So, thanks for listening and I am ready for questions.

AUDIENCE SPEAKER: Yell at that, violating DNS for over ten years now. It's an old joke in the DNS development community that you can write a resolver in about three days and then you spend the revs your life making it work. So, thank you for this. For starters. I to have a question or two about the scope. So, is this about what you find running in the wild or is it specifically about authoritative name servers software?

ONDREJ SURY: I would say both, but it's much easier to get the software fixed because you can talk directly to the people writing it and it's much harder to find an operator of something that is running in the wild.

AUDIENCE SPEAKER: Right.

ONDREJ SURY: So right now it's a thing exclusively the things we found in the wild.

AUDIENCE SPEAKER: So does that include not direct name servers software but say, firewalls and load balancers that ‑‑

ONDREJ SURY: It may be but we don't know that because we don't know what is on the path.

AUDIENCE SPEAKER: Thomas, a question for my own interest. Do you run ‑‑ do you have some test ‑‑ you run against particular domains which others can benefit or is it just random reports for random people which you use?

ONDREJ SURY: It's mostly DIG, it's very hard to write for this. It has been suggested several times but and it would be nice if somebody did that but I am afraid it won't be me, I already have too much. But it might be other output that some kind of test that you can run against your or integrate this into Zonemaster or something like that.

AUDIENCE SPEAKER: Because you mentioned the website so it would be possible to put like a C J or something there and,

ONDREJ SURY: Mostly those are very subtle things and some are not. For EDNS Mark and ‑‑ has a test for it. For other things it's ‑‑ it may be possible.

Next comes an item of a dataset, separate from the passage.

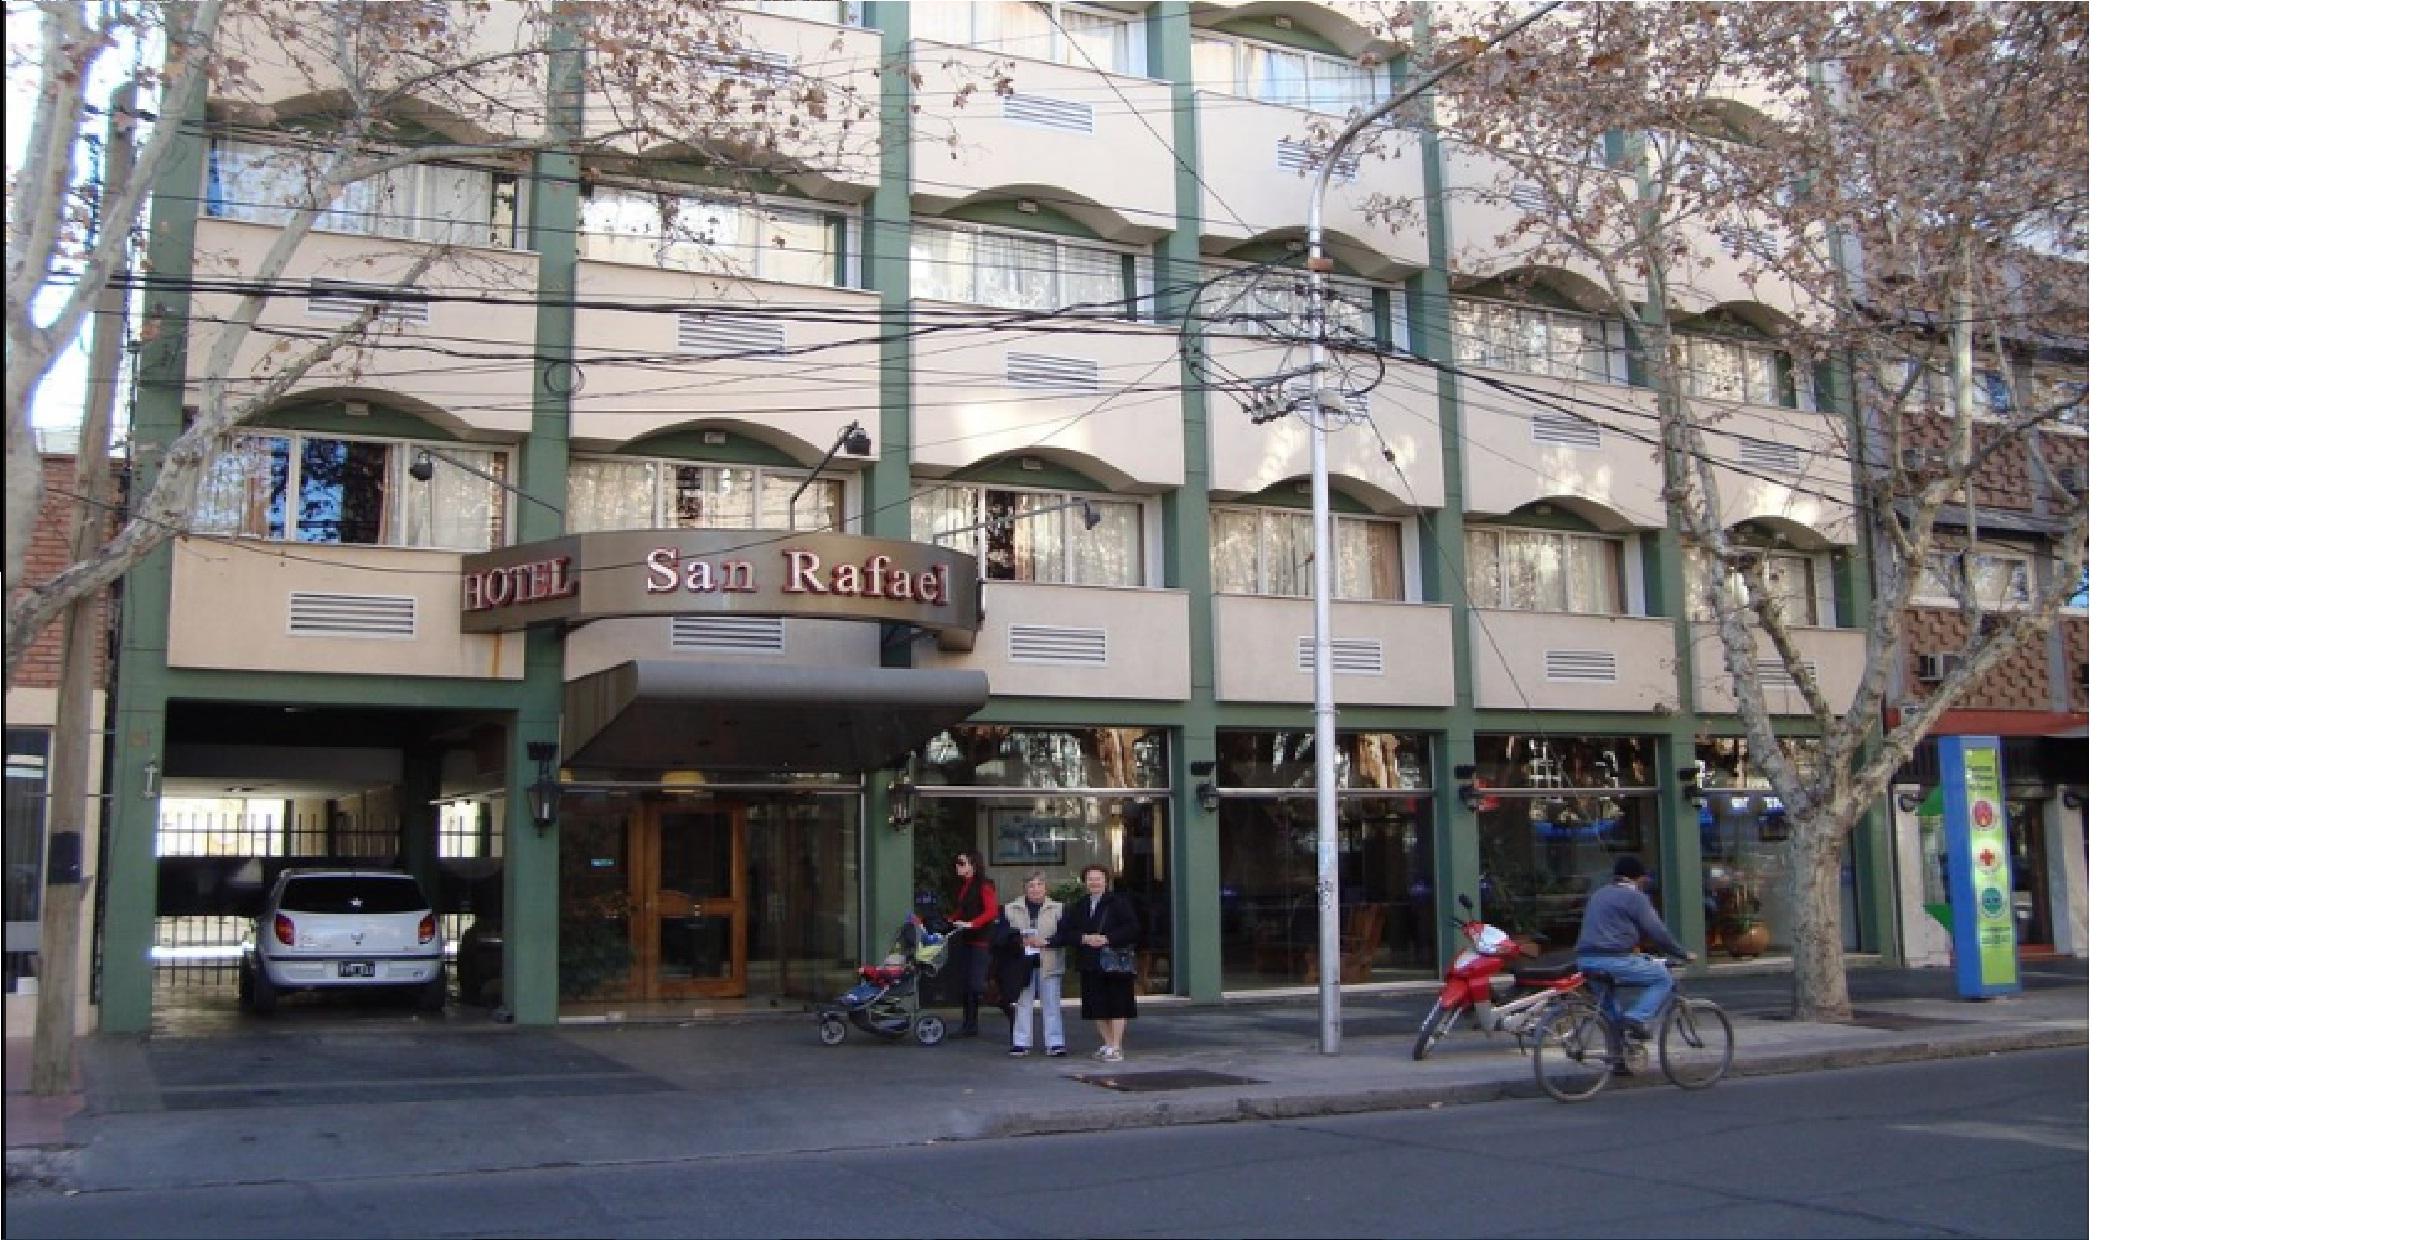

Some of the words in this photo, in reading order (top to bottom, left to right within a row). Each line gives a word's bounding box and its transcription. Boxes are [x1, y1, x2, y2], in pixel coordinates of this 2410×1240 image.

[463, 556, 580, 611] HOTEL
[646, 547, 758, 594] San
[782, 548, 951, 606] Rafael

AUDIENCE SPEAKER: Okay. Thanks.

AUDIENCE SPEAKER: Hi, maybe I can quote Steve Crocker, I am Benno Overeinder NLnet Labs I am here to help you. So, of course, you mentioned the DNS resolver implementers, we can discuss that how we can coordinate some of these, well, things you proposed. How there can be educate the community. That is indeed reaching out and again I am here also a little bit as PCAP could chair, write up some of your mindings or advice in RIPE document, to share with the operational community. But that is maybe more question also to the room.

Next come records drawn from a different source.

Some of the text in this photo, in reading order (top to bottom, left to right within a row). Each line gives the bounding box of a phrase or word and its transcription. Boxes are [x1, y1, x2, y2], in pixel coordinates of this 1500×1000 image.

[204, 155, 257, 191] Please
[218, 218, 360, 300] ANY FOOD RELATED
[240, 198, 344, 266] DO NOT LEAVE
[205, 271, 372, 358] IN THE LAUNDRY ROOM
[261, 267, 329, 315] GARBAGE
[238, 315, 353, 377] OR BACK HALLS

ONDREJ SURY: Yes, I am personally terrible at writing documents. But ‑‑ yeah. If there is more help for pushing me forwards to and contribute to the document that might be a good idea.

BENNO OVEREINDER: Yes. There is a lot of work I understand you were in contact with many other ‑‑ well with the violateers, so to say, and some of them resolved that and solved that problem and others won't so you ‑‑ how can we go forward and make it scale and have some effect in a couple of years. Thank you.

PETER KOCH: DENIC. Thank you for this. I really like this. This has ‑‑

ONDREJ SURY: So nice ‑‑

PETER KOCH: Should have been taken up like 20 years ago or so. Really great. The good questions have gone already, I guess. I have one: You mentioned the work around so that raises some concerns of course because as soon as the vendor and I am not sure you reached out to vendors and operators as far as you could, which is a great effort, but as soon as a vendor has a registered violation of the standard and you have work around they could claim that the robust principle would suggest you fix their problems. Could you elaborate on what your idea is with regards to the Knot Resolver at least.

ONDREJ SURY: ‑‑ actually, this is the first time I see ‑‑ I hear this fault and I think you are right, and maybe we should just remove the work arounds but then ‑‑

PETER KOCH: Everybody else can resolve it but you can't.

ONDREJ SURY: Should be place for DNS resolvers implementers, I think work around is helpful for the DNS resolvers but doesn't mean they are not violating the standard. So, I think we just deal with that if some vendor claims such thing like ‑‑ there is a work around so I will not worry about that. Then we might also say to him, okay, the work around ‑‑ we have a plan to remove that in 2021. Something like that. And that is what I said, that the DNS resolver vendors should cooperate and make a plan, to maybe remove some of the work arounds and make this less complex, because the work arounds make the code more complex and vulnerable to security issues because of the complexity.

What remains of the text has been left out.